Linking again in community with multitude mondays and these lovely grace seekers:  l.l. for on, in, and around mondayslaura for playdates with god, ruth at the better mom, and jen for soli deo gloria 

Alicia

12 Comments

  1. I really enjoyed your post because it brought back memories of my parents taking our family to the old ghost town of Bodie. We would imagine what life was like inside those old abandoned buildings. What a wonderful message: the stacking of rocks and the exploration of the past. I’m going to think on this for awhile.

  2. Oh, Kathy,

    I’ve got tears brewing just thinking about those big stones in that field after your sweet time with your friend. God is so good. And I love how He speaks- through stones and friends and stories.

    I, too, would love to meet some day!

  3. I was taken back to dreams of making our old chicken coop a palace with lace curtains and bedding…we never quite made it, but oh how I dreamed! And the barrel-rolling we did with the barrels someone brought over to the farm. Playing circus!

    I want to visit your little shack! Is that the actual photo? (can you hear my girlish giddiness?)

    A beautiful post. I met a high school girlfriend today who loves Jesus and we had the BEST time catching up on what God has done over these (30) years! (and life is hard, but God is good!!!)

    On the way home I saw several piles of single large stones just randomly placed in a field and thought of this very passage…places of remembrance of God’s faithfulness. I like the thought of them being steppers to see in! I recently posted about activating faith through prayer and remembrance. (so this resonated with me!)

    I hope we can meet up some day in a midwestern town…

  4. Yes–this. We need those stones of remembrance–God knew.

    And such a gift to the imagination, your old shack. No wonder you have such a rich inner life, Alicia. Seems it started early 🙂

  5. You have such a special way of touching everyone! I too loved the story, I could feel like I was there with you!

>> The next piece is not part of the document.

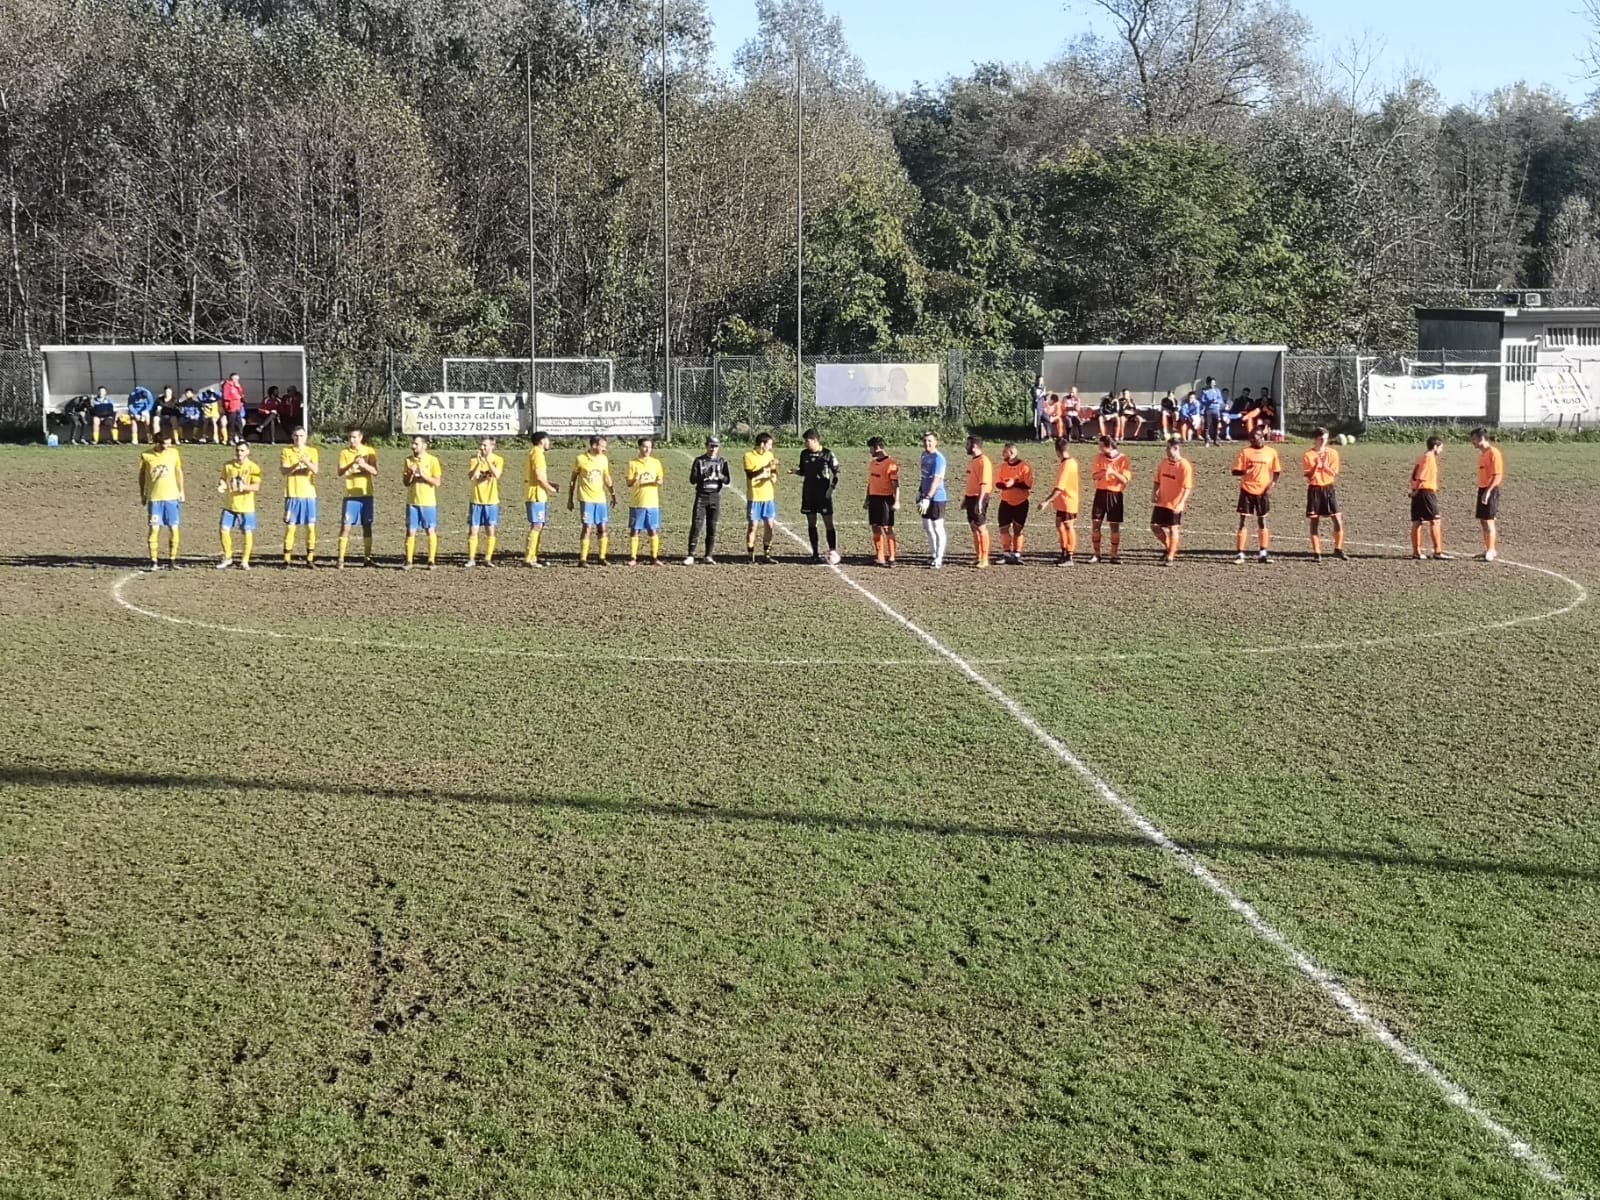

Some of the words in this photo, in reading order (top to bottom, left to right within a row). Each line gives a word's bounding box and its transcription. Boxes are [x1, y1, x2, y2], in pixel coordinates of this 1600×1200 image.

  6. Your words here…beautiful. I love reading something so refreshing when i visit blogs.

    Thank you for your sweet comment. We are drinking in the sweetness of a newborn today.

  7. Thanks for taking us back to your uncle’s farm. I was right there at your side.

    Building our lives with stone of praise is something I know to be true and yet I need reminder after reminder. It just doesn’t come naturally.

  8. Alicia, what a cool story that parallels so beautifully the pathway to the heart of God. lovely, as always !

  9. Anonymous says:

    Great paralleling story! Praising the Lord with you for Liz – can she swim now, too? God sure does give us so many good gifts!!!
    ~Robin

  10. It never ceases to amaze me how much we can be thankful for the simple things, for those that others have discarded and left behind.

  11. Oh, your post really brought back some sweet memories. We had an abandoned house in the middle of a corn field when I was a kid. And just like you said, it was great ammunition for countless imaginations.

    Love how you saw the rock pile as a way to seek treasure . . . both then and now. I love the power in remembering His faithfulness. So transforming.

    Amen to your list of graces. And keep cool! (We’ve got hundred degree days here, too!)

  12. thank you for this amazing reminder today!!! I love that thankfulness is the secret passage to God’s heart!